English noble (1425–1464)

Sir Ralph Percy (11 August 1425 – 25 April 1464) was an English nobleman of the House of Percy, a knight, a Governor of Bamburgh Castle and a supporter of the Lancastrian faction in the Wars of the Roses. Percy was the son of Henry Percy, 2nd Earl of Northumberland and Lady Eleanor Neville, and the grandson of Sir Henry "Hotspur" Percy.

==Family==

Percy married, firstly, Eleanor Acton and they had six children:
1. Sir Ralph Percy
2. Peter Percy
3. Sir Henry Percy
4. George Percy
5. John Percy
6. Margaret Percy

Sir Ralph married, secondly Jane Teye. They had a child, Catherine Percy.

==Career==
Ralph was born on 11 August 1425 to Henry Percy, 2nd Earl of Northumberland and Eleanor Neville, Countess of Northumberland. He had three brothers, Henry, Thomas and Richard.
Ralph, Thomas and Richard participated in the Percy-Neville feud, fighting at Stamford Bridge, where he and Thomas were taken prisoner in 1454. He was freed after Henry VI regained his sanity and the Duke of York dismissed as protector.

His father Henry was killed at the First Battle of St Albans in 1455. Four years later the Yorkists were charged with treason, and they fled, following the Rout of Ludford Bridge. However, when the Yorkists returned, Thomas was killed at the Battle of Northampton. Queen Margaret raised an army for the Lancastrian cause in the north, and the Percies joined her. Following victories at the Battle of Worksop and the Battle of Wakefield, where the enemy leader Richard of York was killed, and a victory at the Second Battle of St Albans, the Lancastrian cause was on the rise, but, at the disastrous Battle of Towton, his brothers were killed and he went into exile.

During 1462 and 1463, the Lancastrians attempted to destabilise the kingdom, which was ruled by their Yorkist enemy, Edward IV. These attempts were concentrated in the north of England and directed by the Lancastrian Queen, Margaret of Anjou (Henry VI's wife).

The Earl of Warwick led campaigns to neutralise the Lancastrians in the north in the early 1460s.

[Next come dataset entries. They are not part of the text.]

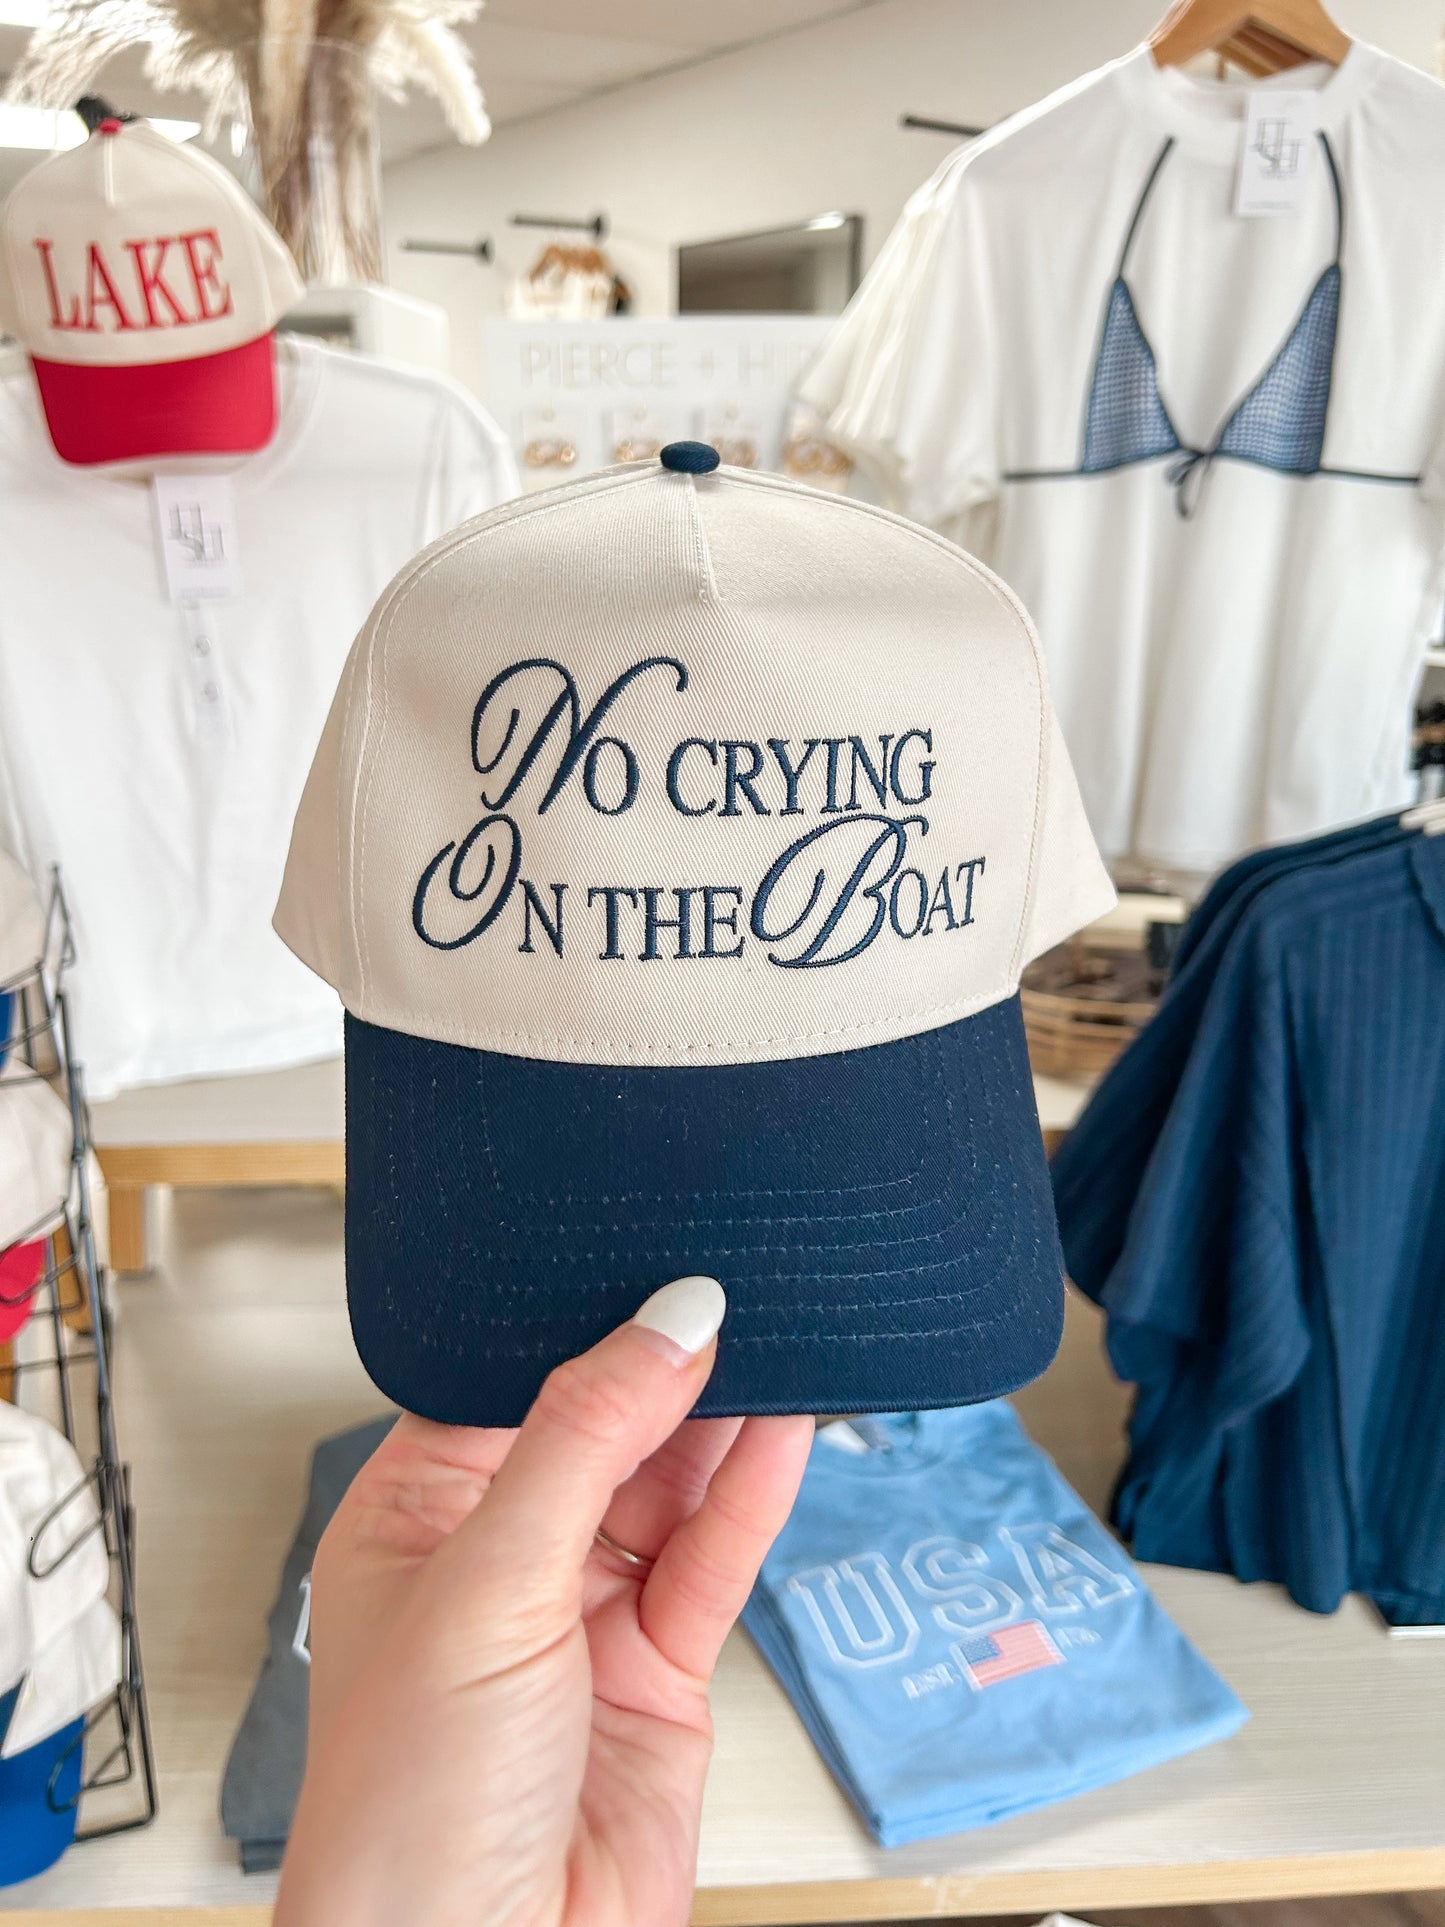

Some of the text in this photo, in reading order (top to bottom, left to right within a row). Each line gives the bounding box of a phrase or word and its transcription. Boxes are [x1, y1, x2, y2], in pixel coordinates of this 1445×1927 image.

[33, 228, 234, 334] LAKE
[519, 341, 674, 388] PIERCE
[666, 728, 936, 818] CRYING
[588, 886, 745, 962] THE
[786, 1522, 1138, 1668] USA

As a result, Sir Ralph Percy surrendered Bamburgh Castle to Edward IV, on Christmas Eve 1462 in return for a free pardon. Sir Ralph swore allegiance to Edward IV who, in a policy of conciliation, returned Percy's lands, and control of both Bamburgh and Dunstanburgh Castles, to him.

Fighting in the north continued, exacerbated by a Scottish invasion led by James III, Margaret of Anjou and Henry VI in 1463. When the Scots sued for peace, Lord Montague was sent to arrange terms. On 25 April 1464, Montague was on his way to Norham. Percy and the Duke of Somerset (who had surrendered and sworn allegiance with Percy), forswearing their oaths, attacked Montague with 5,000 men. The site of that battle was Hedgeley Moor, seven miles south of Wooler. Percy led Somerset's vanguard and was killed.